ABOUT THIS TASK –
Transcribe each line of the material as it is, and drop any picture.

DATA FOR ANALYSIS –
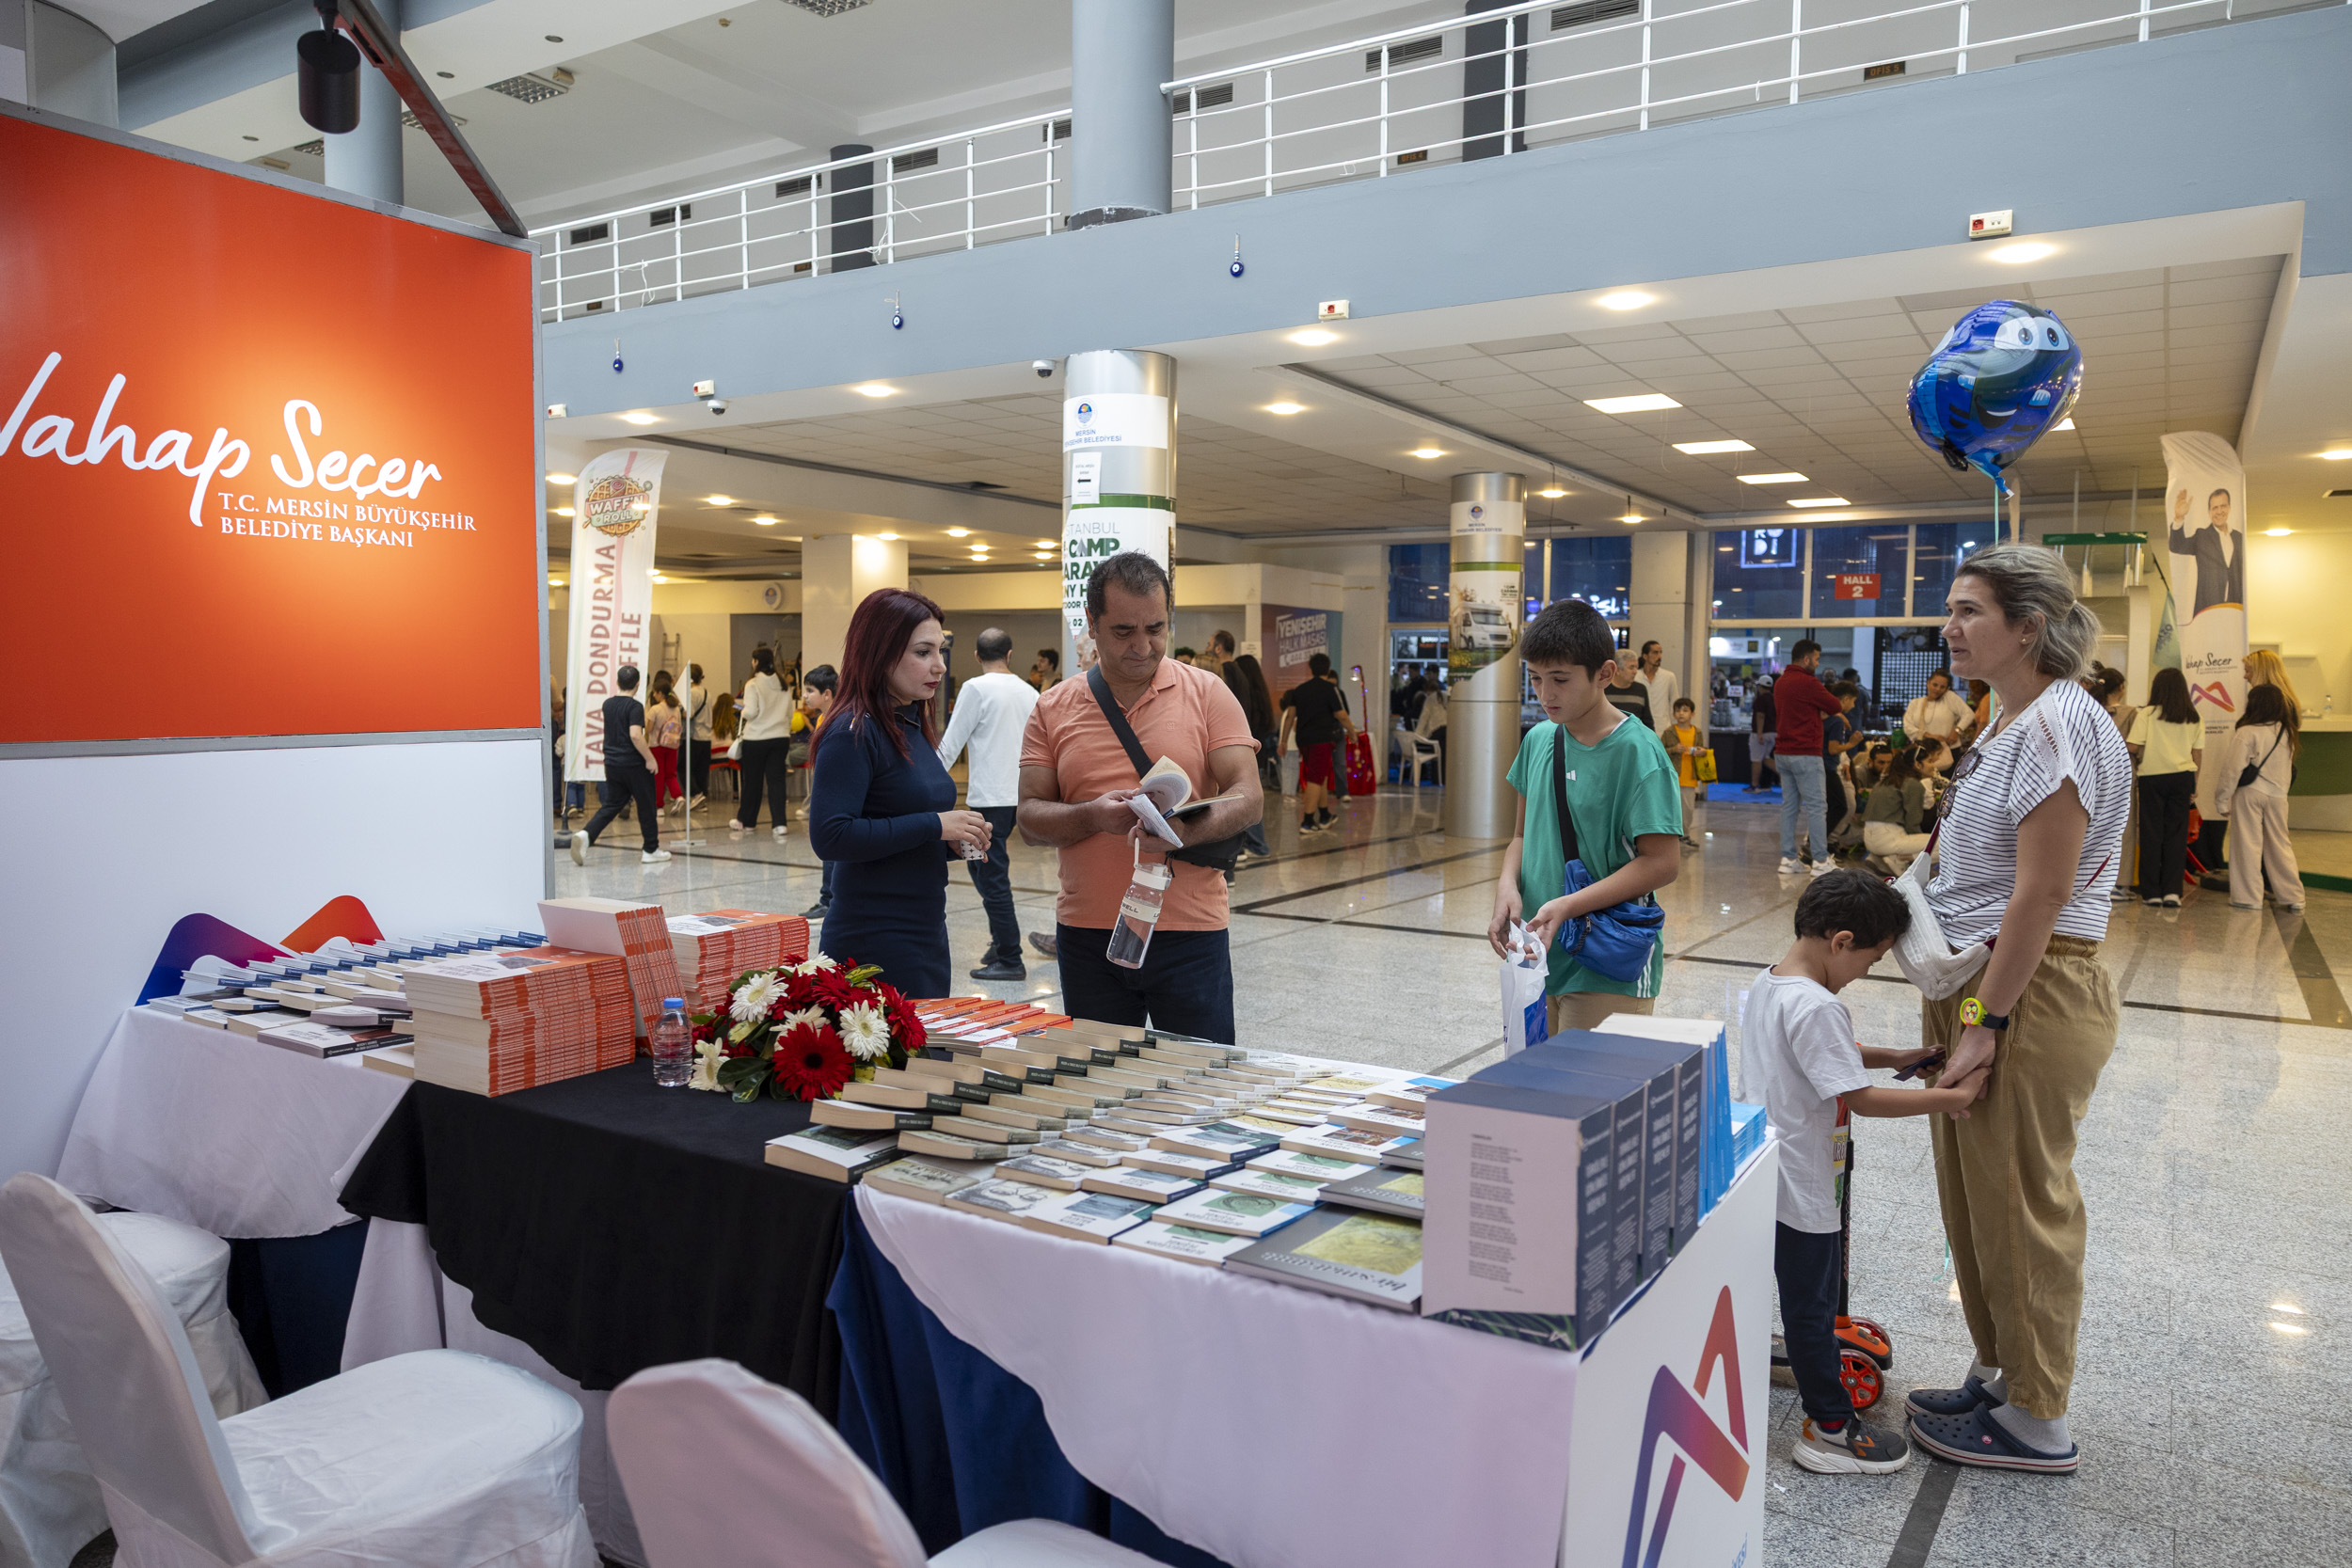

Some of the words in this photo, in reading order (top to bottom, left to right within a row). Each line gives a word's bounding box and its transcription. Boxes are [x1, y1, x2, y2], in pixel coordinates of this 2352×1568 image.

[271, 399, 442, 500] Seçer
[218, 492, 259, 514] T.C.
[266, 496, 349, 521] MERSİN
[356, 502, 477, 531] BÜYÜKŞEHİR
[603, 511, 632, 524] ROLL
[220, 516, 323, 542] BELEDİYE
[329, 526, 414, 548] BAŞKANI
[1065, 522, 1120, 536] STANBUL
[1843, 576, 1873, 584] HALL
[1851, 586, 1864, 597] 2
[587, 544, 616, 694] DONDURMA
[619, 612, 642, 667] FFLE
[1279, 637, 1299, 654] HALK

EXERCISE SOLUTION –
Some of the words in this photo, in reading order (top to bottom, left to right within a row). Each line gives a word's bounding box and its transcription. Boxes are [x1, y1, x2, y2], in pixel coordinates of this 2352×1568 image.

[271, 399, 442, 500] Seçer
[218, 492, 259, 514] T.C.
[266, 496, 349, 521] MERSİN
[356, 502, 477, 531] BÜYÜKŞEHİR
[603, 511, 632, 524] ROLL
[220, 516, 323, 542] BELEDİYE
[329, 526, 414, 548] BAŞKANI
[1065, 522, 1120, 536] STANBUL
[1843, 576, 1873, 584] HALL
[1851, 586, 1864, 597] 2
[587, 544, 616, 694] DONDURMA
[619, 612, 642, 667] FFLE
[1279, 637, 1299, 654] HALK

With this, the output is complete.